The Transfiguration

This Sunday, August 6, the Church celebrates a special event in the life of Jesus and some of his Apostles: the Transfiguration. The story goes that Jesus took three of His Apostles and closest friends, Peter, James, and John, up a mountain to pray. Soon they see Jesus in a new and wholly awesome state! He is described in Matthew’s Gospel as having a face that “shone like the sun,” His clothing “became white as light,” and He is seen speaking with Moses and Elijah. All pretty incredible stuff!

However, I think what stands out to me most in this story is the human side of it. Sure, this moment appears to be one in which Jesus allows His divinity to shine through, both in its sensory brilliance and in its existence outside of space and time. And while this is certainly amazing and awe-inspiring, it is clear that Jesus is doing this for a reason, and it would seem to me a very human reason: so that his friends can understand a little more fully who He is.

In His Transfiguration, Jesus allows His friends to see Him as He will be after the resurrection and when He is seated at the right hand of the Father. To use some modern language, He allows a moment of vulnerability in their midst. And He does so, as He does all things, out of great love for, and a desire to be known by humanity. Finally, the whole event is capped off by the Father speaking to Jesus’ friends, asserting more clearly than ever who Jesus is: He is God’s Son with whom the Father is well pleased.

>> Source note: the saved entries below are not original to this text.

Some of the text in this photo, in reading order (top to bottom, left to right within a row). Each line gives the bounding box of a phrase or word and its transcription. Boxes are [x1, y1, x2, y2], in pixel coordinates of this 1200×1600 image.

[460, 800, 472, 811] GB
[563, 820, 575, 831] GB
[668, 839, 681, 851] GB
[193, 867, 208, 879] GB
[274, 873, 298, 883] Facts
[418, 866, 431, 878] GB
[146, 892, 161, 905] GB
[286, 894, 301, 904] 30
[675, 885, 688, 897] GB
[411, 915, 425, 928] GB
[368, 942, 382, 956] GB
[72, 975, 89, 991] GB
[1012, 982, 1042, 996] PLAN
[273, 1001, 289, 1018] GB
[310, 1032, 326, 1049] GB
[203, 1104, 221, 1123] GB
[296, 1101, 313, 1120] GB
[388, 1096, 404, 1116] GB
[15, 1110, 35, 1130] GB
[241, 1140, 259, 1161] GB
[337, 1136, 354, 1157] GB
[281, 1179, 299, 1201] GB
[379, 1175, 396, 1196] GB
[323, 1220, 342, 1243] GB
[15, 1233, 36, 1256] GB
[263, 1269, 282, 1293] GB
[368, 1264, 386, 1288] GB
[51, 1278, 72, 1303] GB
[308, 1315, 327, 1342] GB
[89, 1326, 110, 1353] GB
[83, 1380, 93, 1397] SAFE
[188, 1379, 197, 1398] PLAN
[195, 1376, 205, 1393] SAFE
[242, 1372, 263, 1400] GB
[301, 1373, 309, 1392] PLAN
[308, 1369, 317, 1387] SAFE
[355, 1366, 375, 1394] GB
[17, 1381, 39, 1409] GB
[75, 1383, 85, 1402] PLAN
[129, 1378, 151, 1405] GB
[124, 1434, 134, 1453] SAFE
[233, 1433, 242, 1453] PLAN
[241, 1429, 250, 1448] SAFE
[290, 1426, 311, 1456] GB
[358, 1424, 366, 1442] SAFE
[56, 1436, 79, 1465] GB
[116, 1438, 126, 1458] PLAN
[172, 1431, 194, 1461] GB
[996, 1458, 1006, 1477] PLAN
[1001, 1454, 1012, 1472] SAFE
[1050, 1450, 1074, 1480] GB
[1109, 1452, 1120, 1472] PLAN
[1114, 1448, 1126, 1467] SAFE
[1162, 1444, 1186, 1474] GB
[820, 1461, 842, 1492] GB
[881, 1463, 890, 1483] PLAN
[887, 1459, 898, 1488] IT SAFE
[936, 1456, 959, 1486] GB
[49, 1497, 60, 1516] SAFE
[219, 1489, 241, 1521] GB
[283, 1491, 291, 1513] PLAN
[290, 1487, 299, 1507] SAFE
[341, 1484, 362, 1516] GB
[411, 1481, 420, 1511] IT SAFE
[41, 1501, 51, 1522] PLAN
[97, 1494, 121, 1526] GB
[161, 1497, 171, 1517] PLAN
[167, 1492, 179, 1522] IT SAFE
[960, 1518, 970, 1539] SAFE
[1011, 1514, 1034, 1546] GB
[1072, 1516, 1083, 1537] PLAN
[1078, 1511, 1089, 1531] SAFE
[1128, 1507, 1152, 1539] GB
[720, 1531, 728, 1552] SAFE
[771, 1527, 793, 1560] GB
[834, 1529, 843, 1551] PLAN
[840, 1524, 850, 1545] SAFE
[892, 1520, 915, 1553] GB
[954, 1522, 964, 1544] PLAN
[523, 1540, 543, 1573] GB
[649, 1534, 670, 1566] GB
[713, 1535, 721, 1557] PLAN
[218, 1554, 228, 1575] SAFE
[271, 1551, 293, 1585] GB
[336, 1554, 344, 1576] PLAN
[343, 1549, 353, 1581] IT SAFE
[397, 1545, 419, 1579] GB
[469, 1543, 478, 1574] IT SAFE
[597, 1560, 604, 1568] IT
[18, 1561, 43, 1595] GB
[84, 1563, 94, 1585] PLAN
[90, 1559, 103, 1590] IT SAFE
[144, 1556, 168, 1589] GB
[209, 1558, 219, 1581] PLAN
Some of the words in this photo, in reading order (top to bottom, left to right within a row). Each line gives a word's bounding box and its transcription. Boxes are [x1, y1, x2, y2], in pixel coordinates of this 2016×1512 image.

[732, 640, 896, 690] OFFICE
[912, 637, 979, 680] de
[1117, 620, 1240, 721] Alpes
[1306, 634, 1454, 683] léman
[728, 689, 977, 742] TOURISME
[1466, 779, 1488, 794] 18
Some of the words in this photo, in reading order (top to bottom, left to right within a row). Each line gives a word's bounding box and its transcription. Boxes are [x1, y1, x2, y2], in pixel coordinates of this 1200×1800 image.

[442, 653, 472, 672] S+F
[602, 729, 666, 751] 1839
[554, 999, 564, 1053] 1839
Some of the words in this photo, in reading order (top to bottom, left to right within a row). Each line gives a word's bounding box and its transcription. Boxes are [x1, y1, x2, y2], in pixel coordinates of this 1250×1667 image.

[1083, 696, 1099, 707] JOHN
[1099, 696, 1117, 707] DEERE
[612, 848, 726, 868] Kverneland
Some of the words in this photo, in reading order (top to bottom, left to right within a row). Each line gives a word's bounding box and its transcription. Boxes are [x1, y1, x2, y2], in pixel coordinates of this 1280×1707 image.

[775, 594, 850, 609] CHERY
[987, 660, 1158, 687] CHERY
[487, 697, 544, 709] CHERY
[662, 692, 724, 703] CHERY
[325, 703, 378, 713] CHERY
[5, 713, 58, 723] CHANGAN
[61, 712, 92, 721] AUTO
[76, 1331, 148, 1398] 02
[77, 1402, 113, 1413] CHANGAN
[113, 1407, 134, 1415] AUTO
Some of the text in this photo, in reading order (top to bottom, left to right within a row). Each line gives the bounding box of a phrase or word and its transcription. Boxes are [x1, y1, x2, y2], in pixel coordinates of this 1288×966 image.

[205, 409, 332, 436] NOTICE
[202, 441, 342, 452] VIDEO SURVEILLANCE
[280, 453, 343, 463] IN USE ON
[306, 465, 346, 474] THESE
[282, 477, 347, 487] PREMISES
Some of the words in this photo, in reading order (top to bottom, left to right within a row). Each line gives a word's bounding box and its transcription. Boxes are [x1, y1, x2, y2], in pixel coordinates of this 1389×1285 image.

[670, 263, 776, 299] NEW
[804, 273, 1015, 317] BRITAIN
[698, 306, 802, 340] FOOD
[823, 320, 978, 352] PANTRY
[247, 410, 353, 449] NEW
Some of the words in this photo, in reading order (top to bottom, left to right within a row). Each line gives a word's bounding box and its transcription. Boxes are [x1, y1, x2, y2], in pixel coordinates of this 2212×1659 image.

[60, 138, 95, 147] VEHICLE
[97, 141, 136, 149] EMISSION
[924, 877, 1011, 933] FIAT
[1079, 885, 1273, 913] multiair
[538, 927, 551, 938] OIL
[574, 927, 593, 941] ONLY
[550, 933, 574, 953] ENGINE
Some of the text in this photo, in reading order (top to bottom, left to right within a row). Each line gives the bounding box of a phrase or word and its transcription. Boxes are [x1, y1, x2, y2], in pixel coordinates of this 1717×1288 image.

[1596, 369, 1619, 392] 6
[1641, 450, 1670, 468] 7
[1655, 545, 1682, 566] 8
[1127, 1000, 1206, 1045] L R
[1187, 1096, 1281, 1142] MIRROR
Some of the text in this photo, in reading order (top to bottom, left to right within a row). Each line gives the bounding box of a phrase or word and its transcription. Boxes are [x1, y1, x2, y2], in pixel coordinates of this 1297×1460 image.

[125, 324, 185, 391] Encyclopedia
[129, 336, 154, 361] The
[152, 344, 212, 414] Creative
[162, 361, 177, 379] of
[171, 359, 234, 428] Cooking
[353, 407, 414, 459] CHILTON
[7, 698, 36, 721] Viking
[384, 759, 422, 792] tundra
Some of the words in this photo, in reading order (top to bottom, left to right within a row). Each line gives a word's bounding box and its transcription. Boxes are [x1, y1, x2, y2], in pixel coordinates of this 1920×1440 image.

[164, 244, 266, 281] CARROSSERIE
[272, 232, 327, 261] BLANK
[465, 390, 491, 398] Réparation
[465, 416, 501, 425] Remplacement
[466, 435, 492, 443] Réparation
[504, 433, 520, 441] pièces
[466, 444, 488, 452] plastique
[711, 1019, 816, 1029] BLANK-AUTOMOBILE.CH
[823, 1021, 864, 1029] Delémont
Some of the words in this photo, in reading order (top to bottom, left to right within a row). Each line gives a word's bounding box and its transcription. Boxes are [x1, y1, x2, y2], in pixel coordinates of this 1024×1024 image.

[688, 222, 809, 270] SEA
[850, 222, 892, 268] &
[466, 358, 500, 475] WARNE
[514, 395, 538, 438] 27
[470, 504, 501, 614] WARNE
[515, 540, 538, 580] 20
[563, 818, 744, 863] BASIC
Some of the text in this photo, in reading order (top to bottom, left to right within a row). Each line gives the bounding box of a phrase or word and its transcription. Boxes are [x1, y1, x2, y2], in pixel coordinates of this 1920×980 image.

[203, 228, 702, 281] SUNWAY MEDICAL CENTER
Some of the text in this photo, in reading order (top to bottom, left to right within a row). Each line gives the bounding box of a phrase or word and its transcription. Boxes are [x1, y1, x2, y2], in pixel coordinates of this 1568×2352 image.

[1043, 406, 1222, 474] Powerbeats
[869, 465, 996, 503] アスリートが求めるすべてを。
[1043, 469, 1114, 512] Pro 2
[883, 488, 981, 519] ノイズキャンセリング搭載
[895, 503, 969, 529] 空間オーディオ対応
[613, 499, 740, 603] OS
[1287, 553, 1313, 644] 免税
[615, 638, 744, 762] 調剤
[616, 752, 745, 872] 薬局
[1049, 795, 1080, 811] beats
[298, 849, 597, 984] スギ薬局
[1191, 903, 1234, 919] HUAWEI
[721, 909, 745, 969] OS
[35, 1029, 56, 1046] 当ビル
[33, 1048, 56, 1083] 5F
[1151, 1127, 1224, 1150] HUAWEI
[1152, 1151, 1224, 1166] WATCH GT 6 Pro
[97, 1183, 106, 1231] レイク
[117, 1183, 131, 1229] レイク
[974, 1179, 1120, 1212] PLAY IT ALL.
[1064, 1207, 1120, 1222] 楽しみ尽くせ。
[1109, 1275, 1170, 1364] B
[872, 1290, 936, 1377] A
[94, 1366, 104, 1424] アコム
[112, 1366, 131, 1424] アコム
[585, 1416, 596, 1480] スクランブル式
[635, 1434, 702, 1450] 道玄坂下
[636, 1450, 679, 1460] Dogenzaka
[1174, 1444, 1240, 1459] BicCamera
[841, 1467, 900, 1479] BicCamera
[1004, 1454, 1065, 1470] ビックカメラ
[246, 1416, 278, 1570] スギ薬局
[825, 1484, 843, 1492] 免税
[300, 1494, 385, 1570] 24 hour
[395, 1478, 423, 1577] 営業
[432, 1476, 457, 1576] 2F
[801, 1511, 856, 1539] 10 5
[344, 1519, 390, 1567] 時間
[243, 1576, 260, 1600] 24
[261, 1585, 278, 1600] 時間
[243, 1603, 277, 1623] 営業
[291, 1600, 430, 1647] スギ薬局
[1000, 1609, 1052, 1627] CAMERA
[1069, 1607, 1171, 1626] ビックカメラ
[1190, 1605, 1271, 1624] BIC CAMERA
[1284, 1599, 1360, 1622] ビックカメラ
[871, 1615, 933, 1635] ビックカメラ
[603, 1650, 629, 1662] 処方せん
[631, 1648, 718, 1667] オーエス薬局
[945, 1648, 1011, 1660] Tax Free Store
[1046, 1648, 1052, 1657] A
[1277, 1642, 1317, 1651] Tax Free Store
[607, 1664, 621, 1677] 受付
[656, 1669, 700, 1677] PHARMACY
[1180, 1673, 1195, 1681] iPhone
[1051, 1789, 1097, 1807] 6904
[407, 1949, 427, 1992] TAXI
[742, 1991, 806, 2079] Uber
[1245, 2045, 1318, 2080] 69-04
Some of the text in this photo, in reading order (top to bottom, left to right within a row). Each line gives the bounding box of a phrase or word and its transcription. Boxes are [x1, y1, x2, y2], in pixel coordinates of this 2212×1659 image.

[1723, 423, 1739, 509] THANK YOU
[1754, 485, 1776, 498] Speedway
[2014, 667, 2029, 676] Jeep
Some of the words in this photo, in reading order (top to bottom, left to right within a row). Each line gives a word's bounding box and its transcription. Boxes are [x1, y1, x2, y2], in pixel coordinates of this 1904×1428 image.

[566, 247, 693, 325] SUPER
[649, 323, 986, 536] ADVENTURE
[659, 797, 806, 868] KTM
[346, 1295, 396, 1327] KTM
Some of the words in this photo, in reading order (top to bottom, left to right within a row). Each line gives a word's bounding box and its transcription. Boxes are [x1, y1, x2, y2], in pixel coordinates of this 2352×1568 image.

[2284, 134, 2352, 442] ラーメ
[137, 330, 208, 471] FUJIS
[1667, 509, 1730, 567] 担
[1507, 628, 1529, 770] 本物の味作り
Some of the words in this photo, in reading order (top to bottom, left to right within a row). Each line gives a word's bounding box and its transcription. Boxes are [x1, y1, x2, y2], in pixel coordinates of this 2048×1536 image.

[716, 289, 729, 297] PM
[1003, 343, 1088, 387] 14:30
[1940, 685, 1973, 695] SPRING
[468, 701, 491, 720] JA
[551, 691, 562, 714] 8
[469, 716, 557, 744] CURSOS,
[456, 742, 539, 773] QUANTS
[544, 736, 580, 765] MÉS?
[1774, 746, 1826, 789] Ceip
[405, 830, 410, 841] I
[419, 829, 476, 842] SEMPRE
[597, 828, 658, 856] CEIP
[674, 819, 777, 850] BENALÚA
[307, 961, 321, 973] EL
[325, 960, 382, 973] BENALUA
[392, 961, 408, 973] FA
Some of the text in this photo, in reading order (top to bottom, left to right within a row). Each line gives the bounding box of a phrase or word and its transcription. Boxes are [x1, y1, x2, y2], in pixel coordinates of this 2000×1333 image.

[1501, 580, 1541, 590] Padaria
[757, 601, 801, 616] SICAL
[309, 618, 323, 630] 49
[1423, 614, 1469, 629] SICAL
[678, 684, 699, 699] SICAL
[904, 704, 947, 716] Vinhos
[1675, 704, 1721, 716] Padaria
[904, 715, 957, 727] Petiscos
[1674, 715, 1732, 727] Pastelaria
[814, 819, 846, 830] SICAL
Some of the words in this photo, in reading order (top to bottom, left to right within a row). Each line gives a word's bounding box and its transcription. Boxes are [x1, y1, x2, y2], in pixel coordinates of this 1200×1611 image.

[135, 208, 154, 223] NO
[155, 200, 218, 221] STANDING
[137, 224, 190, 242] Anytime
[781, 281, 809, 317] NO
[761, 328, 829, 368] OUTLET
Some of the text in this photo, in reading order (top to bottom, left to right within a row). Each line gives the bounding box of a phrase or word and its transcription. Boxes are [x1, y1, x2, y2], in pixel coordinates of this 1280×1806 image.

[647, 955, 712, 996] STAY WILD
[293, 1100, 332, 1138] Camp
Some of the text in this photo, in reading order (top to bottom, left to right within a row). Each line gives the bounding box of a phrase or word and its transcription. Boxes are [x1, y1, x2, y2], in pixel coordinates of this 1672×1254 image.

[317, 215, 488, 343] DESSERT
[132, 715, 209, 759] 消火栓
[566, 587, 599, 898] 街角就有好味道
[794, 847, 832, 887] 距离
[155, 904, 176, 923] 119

At the end of Matthew’s version of the story, which we will hear Sunday, Jesus says to the three Apostles with Him: “Do not tell the vision to anyone until the Son of Man has been raised from the dead.” In that moment of the Resurrection, when Jesus is risen and is in all of His glory once again, these three Apostles and friends of Jesus will understand fully what they were privileged to see before. And St. Peter will indeed tell of it, which we hear in Sunday’s second reading, when he says, “We had been eyewitnesses of His majesty.”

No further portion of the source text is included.